REQUIREMENT |
All of the entries below are to be retyped exactly.

RECORDS FOR THE EXERCISE |
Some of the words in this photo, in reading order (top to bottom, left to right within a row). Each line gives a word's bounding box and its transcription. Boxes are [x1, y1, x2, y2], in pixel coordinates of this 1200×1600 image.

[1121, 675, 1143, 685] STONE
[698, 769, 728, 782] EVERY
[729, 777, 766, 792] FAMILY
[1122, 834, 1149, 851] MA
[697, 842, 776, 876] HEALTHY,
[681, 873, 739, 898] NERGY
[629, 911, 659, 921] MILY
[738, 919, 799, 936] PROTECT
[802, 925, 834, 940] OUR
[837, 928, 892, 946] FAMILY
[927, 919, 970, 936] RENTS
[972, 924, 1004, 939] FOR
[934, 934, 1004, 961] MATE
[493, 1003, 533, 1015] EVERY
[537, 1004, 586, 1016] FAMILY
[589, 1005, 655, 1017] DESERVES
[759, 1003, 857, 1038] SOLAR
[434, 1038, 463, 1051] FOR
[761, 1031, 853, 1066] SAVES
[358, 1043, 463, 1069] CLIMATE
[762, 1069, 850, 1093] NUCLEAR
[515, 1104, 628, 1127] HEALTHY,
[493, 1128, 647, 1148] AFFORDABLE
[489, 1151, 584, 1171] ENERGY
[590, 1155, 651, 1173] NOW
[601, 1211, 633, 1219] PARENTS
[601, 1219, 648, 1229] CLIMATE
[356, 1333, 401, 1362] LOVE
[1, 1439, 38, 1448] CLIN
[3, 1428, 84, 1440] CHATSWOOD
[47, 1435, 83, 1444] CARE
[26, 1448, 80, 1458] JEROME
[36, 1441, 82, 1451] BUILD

WRITTEN RESPONSE |
Some of the words in this photo, in reading order (top to bottom, left to right within a row). Each line gives a word's bounding box and its transcription. Boxes are [x1, y1, x2, y2], in pixel coordinates of this 1200×1600 image.

[1121, 675, 1143, 685] STONE
[698, 769, 728, 782] EVERY
[729, 777, 766, 792] FAMILY
[1122, 834, 1149, 851] MA
[697, 842, 776, 876] HEALTHY,
[681, 873, 739, 898] NERGY
[629, 911, 659, 921] MILY
[738, 919, 799, 936] PROTECT
[802, 925, 834, 940] OUR
[837, 928, 892, 946] FAMILY
[927, 919, 970, 936] RENTS
[972, 924, 1004, 939] FOR
[934, 934, 1004, 961] MATE
[493, 1003, 533, 1015] EVERY
[537, 1004, 586, 1016] FAMILY
[589, 1005, 655, 1017] DESERVES
[759, 1003, 857, 1038] SOLAR
[434, 1038, 463, 1051] FOR
[761, 1031, 853, 1066] SAVES
[358, 1043, 463, 1069] CLIMATE
[762, 1069, 850, 1093] NUCLEAR
[515, 1104, 628, 1127] HEALTHY,
[493, 1128, 647, 1148] AFFORDABLE
[489, 1151, 584, 1171] ENERGY
[590, 1155, 651, 1173] NOW
[601, 1211, 633, 1219] PARENTS
[601, 1219, 648, 1229] CLIMATE
[356, 1333, 401, 1362] LOVE
[1, 1439, 38, 1448] CLIN
[3, 1428, 84, 1440] CHATSWOOD
[47, 1435, 83, 1444] CARE
[26, 1448, 80, 1458] JEROME
[36, 1441, 82, 1451] BUILD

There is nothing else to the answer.